Cadogan West was the young man who was found dead on the Under ground on Tuesday morning."
Holmes sat up at attention, his pipe halfway to his lips.
"This must be serious, Watson. A death which has caused my brother to alter his habits can be no ordinary
one. What in the world can he have to do with it? The case was featureless as I remember it. The young man
had apparently fallen out of the train and killed himself. He had not been robbed, and there was no particular
reason to suspect violence. Is that not so?"

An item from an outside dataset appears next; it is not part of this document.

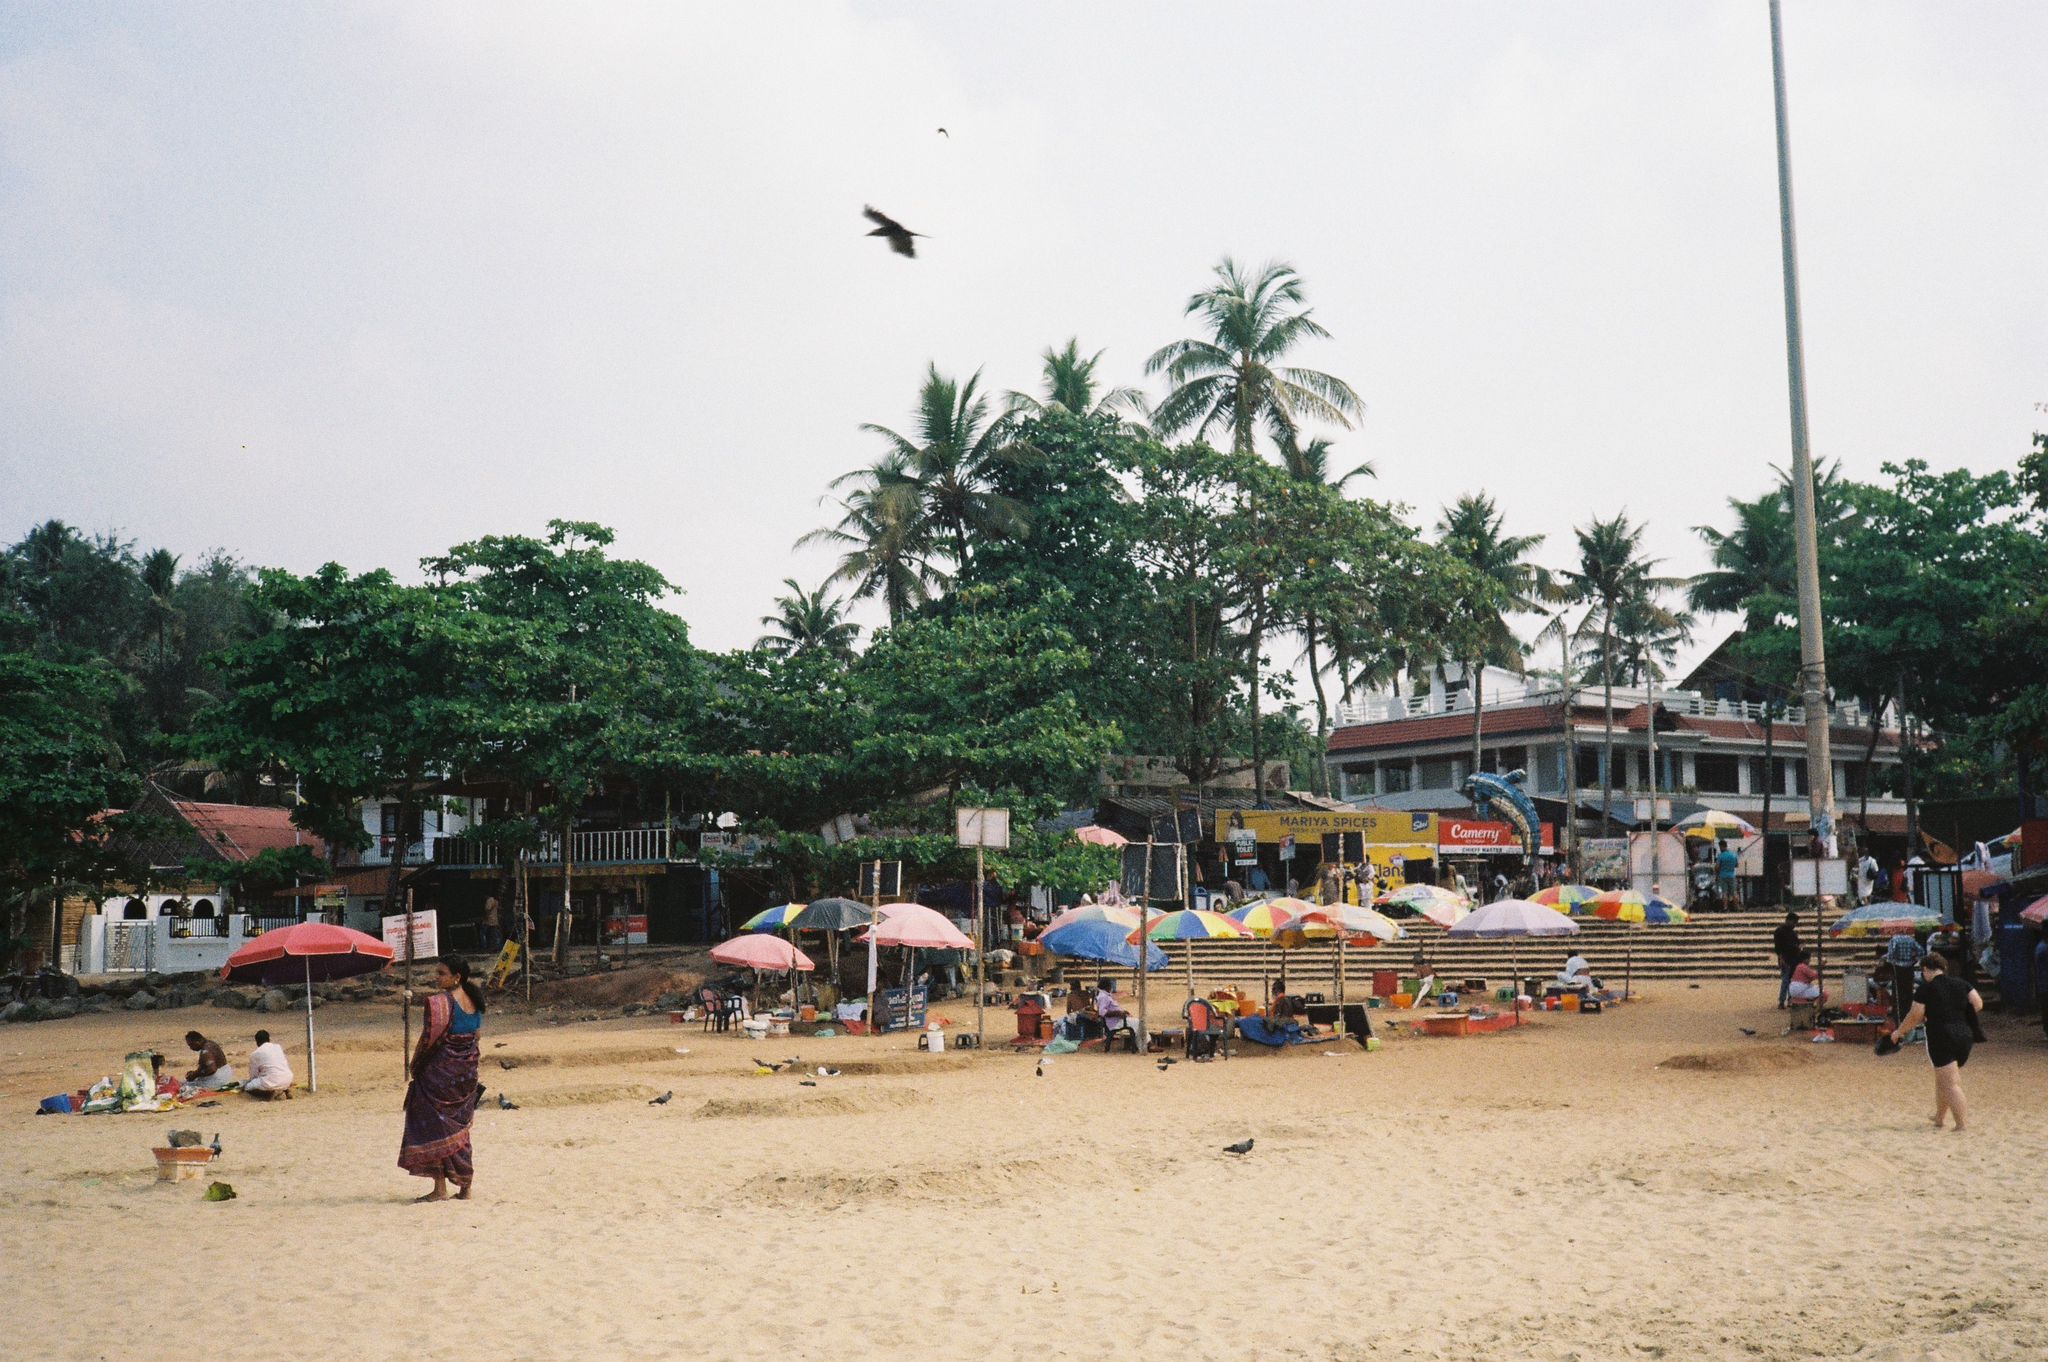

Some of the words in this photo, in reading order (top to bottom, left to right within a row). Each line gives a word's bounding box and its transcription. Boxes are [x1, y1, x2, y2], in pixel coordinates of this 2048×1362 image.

[1279, 816, 1329, 827] MARIYA
[1333, 817, 1377, 828] SPICES
[1451, 824, 1500, 843] Camerry
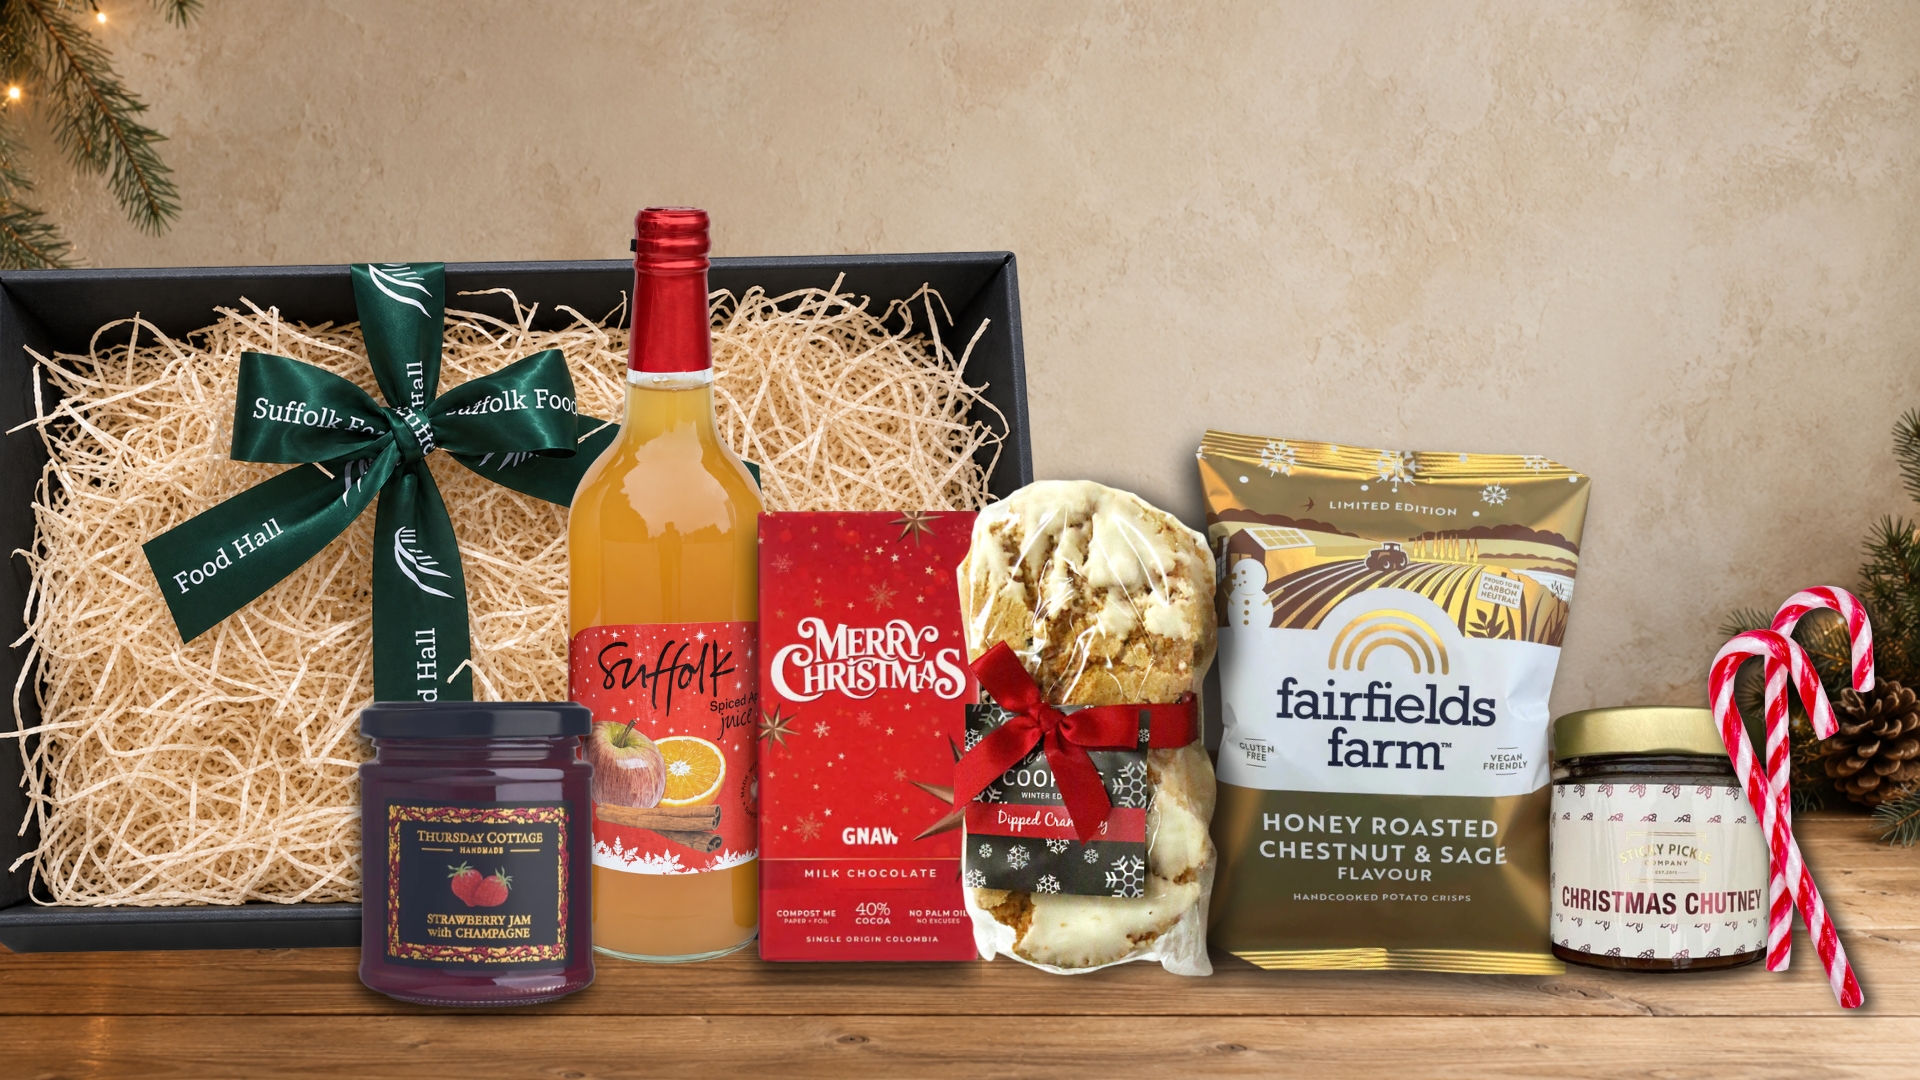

"There has been an inquest," said I, "and a good many fresh facts have come out. Looked at more closely, I
should certainly say that it was a curious case."
"Judging by its effect upon my brother, I should think it must be a most extraordinary one." He snuggled
down in his arm chair. "Now, Watson, let us have the facts."
"The man's name was Arthur Cadogan West. He was twenty seven years of age, unmarried, and a clerk at
Woolwich Arsenal."
"Government employ. Behold the link with Brother Mycroft!"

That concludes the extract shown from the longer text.